6. Mr. Kamana Reddy placed reliance on a decision of the Supreme Court in Ujjagar Singh v. Collector (1995) 6 SCC 410 to stress the point that unless possession has been taken, the land does not vest in the Government. The decision has no application. In the cited case, the land was acquired under the Pepsu Tenancy Agricultural Lands Act, 1955. Though surplus land had been declared yet it had not been taken over by the State Government and had remained in the possession of the appellant. Subsequently, fresh steps were again taken for determination of the surplus land under Punjab Land Reforms Act, 1972. The appellant filed objections saying that on the relevant date he had four adult sons and as such he had no surplus land. While the proceedings were pending a notice directing to surrender the surplus land as determined under the Pepsu Act was served. On the matter being challenged, the Supreme Court held that the land had never vested in the State Government under the earlier Act and consequently the title of the land owner has not been extinguished and that for such reason fresh steps for fixation of the ceiling has to be taken under the new Act.

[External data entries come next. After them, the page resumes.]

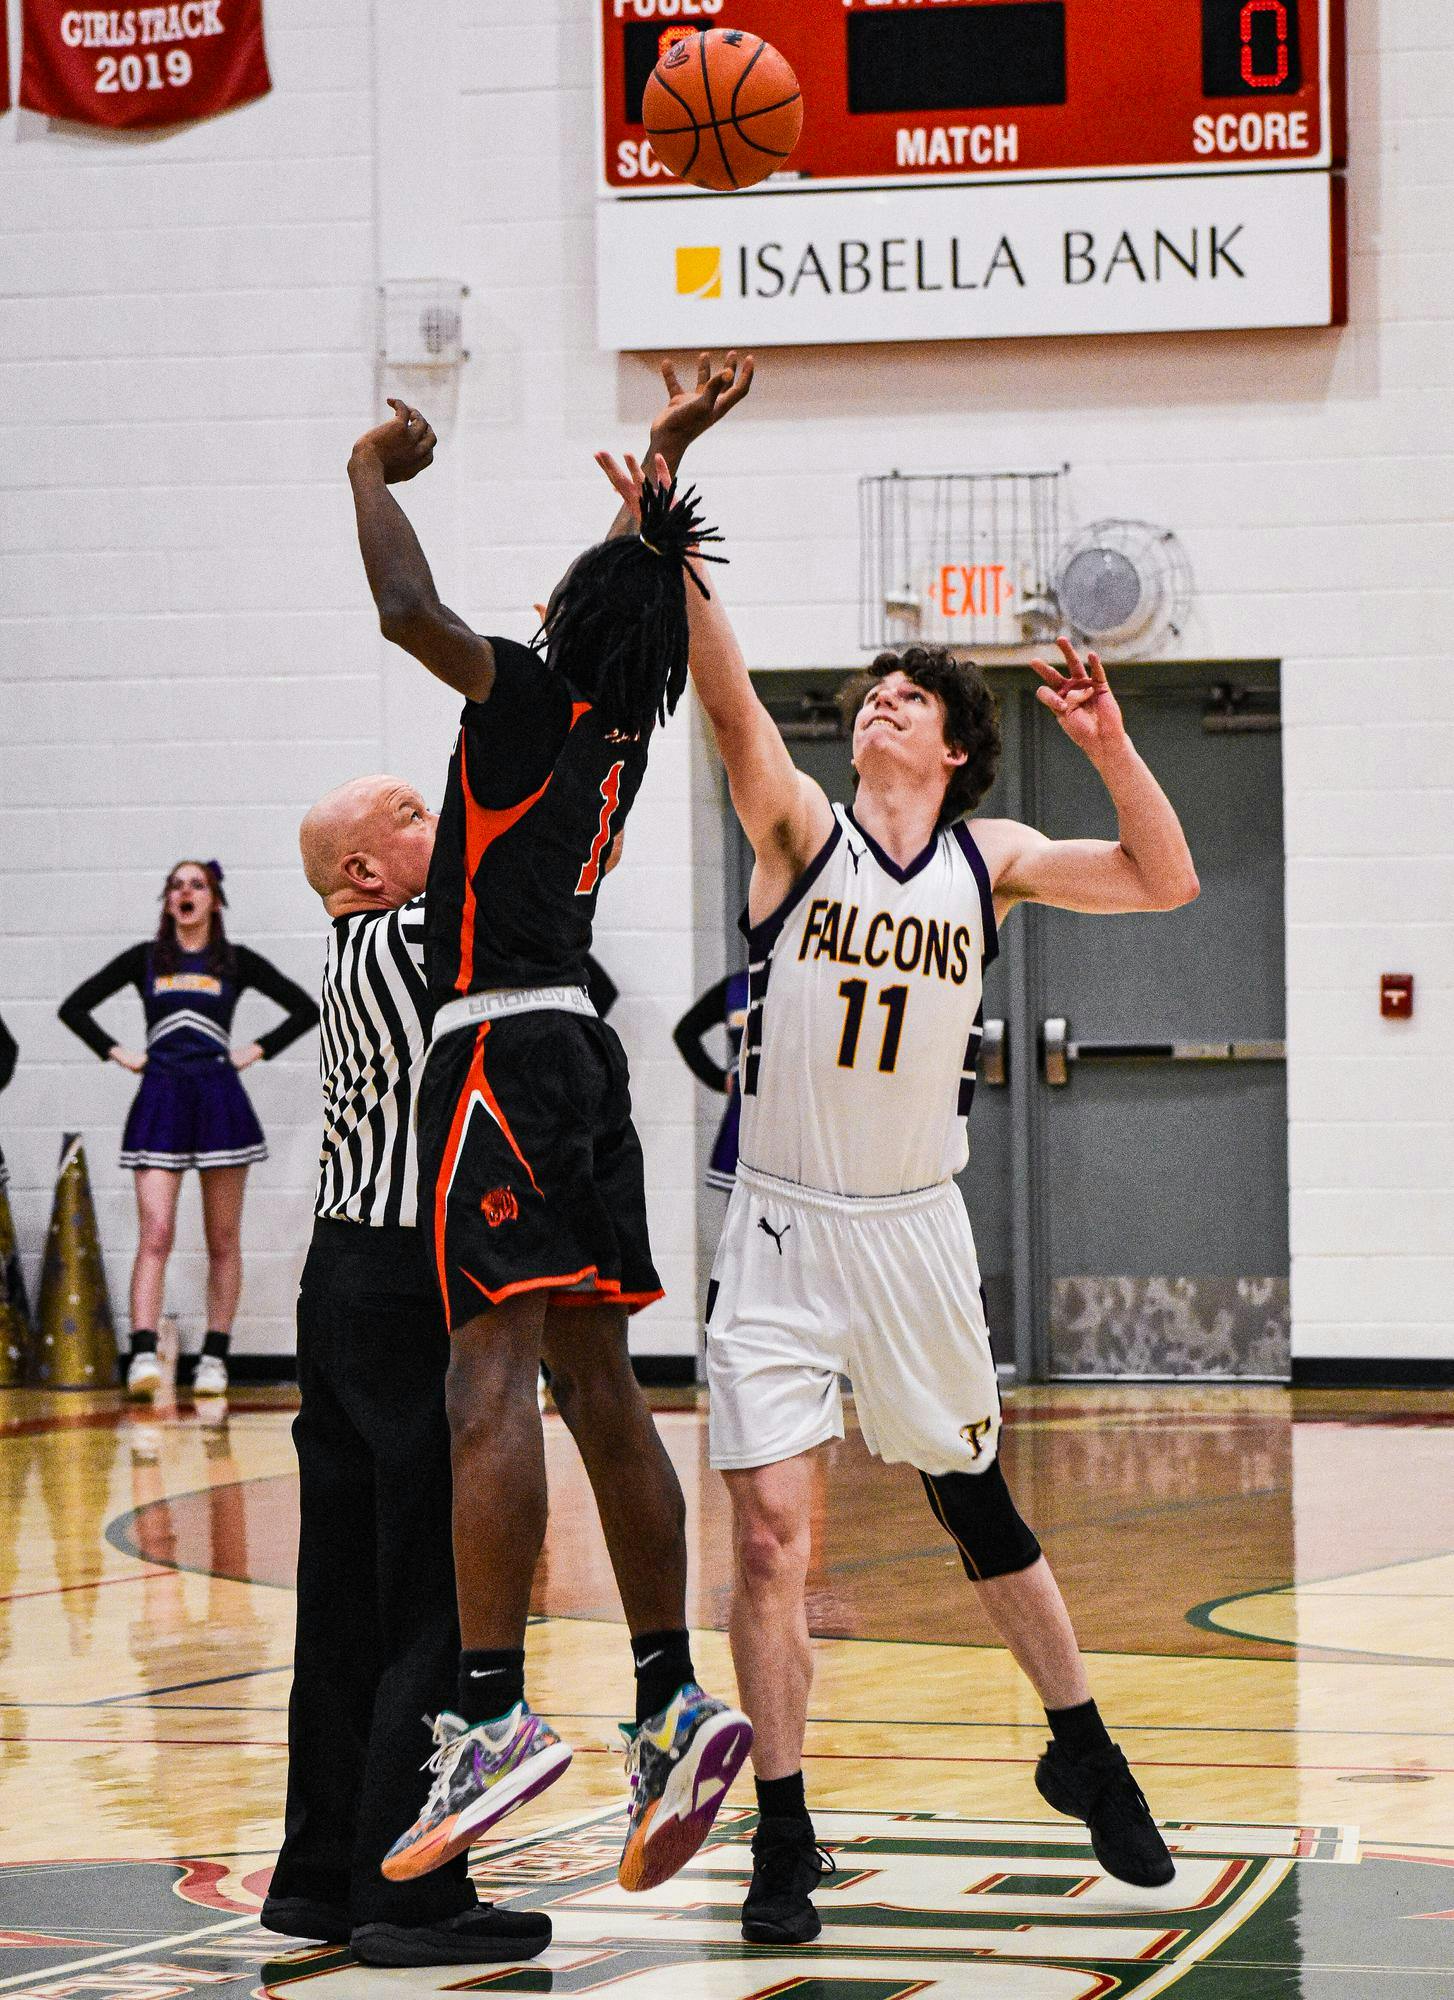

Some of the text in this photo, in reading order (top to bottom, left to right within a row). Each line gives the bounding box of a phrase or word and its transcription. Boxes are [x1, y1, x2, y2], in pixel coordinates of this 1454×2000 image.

[60, 0, 225, 48] GIRLS TRACK
[94, 49, 193, 93] 2019
[895, 123, 1018, 167] MATCH
[1192, 110, 1309, 154] SCORE
[738, 223, 1246, 299] ISABELLA BANK
[939, 564, 1006, 618] EXIT
[574, 760, 625, 896] 1
[798, 898, 971, 985] FALCONS
[837, 977, 909, 1075] 11
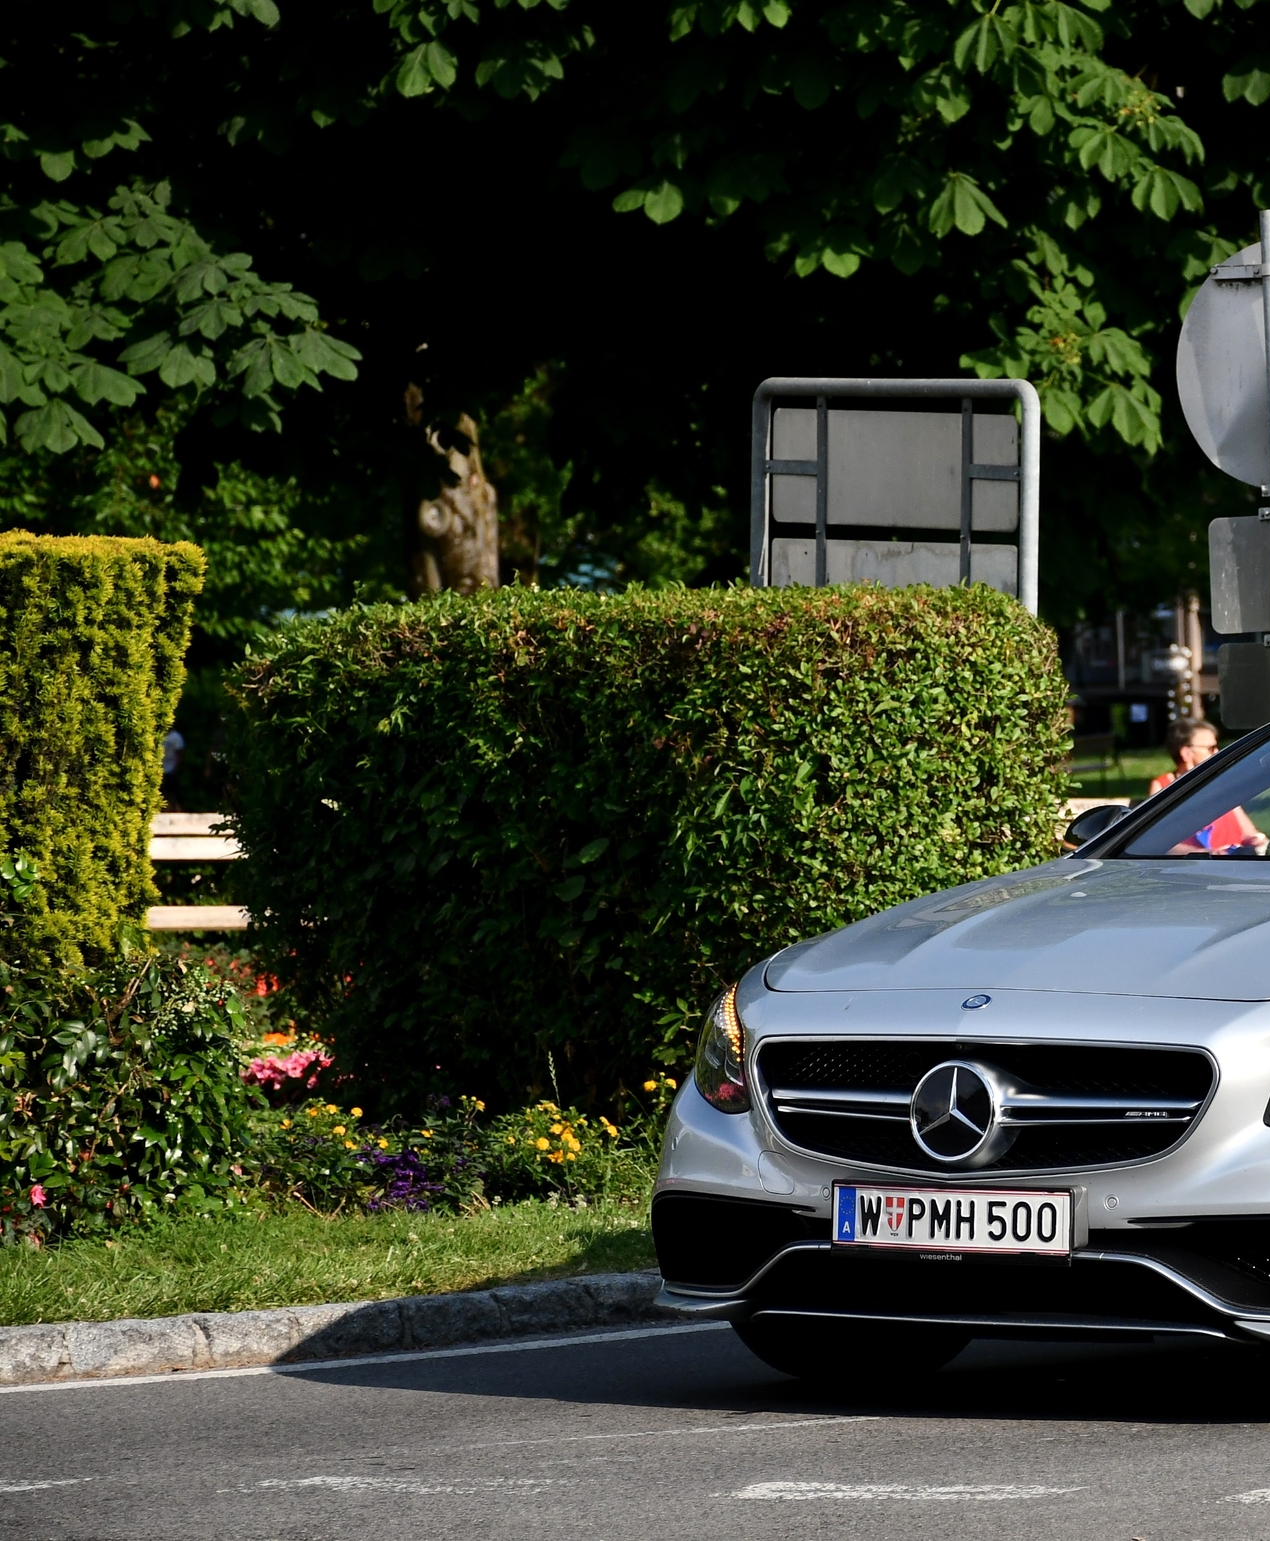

So far as the present Act is concerned, it prohibits, u/s 17, alienation of any land after the notified date or of partition thereof or creation of a trust in respect thereof if the land is in excess of the ceiling area as on 24th January, 1971. The prohibition is to continue until the ceiling is determined and an order has been passed by the Revenue Divisional Officer u/s 11 of the Act taking possession of the excess land. Section 7 is the corresponding Section relating to transactions effected in between 24-1-1971 and the notified date providing such transactions to be disregarded unless transferor is able to prove that the transfer or creation of the trust had not been effected in anticipation of and with a view to avoid or defeat the objects of any law relating to reduction in the ceiling area of agricultural holdings. The Section further provides that any alienations by way of sale, lease and mortgage or trust created or even if any of transactions is effected in execution of a decree or order of a Civil Court or any award or order of any other authority on or after the 2nd May, 1972 and before the notified date in contravention of the provisions of the Andhra Pradesh Agricultural Lands (Prohibition of Alienation) Act, 1972 shall be null and void.
7. The Section also provides that if any person has converted any agricultural land to non-agricultural land within five years before the notified date, such lands are deemed to be agricultural lands on the date of notified date for the purposes of the Act. Thus the Scheme of the Act is to achieve a stalemate regarding all transactions with respect to land like alienation, partition, creation of trust or otherwise, till the excess area has been determined and land has been taken possession of. This indicates the intention of the Legislature that the land is held by the landholder, after the ceiling has been determined, so to say, on trust for the State, without any right in anybody to create a title in the surplus land.
8. In view of such circumstances, we do not find any merit in the appeal and dismiss it accordingly. But in the circumstances there shall be no order as to costs.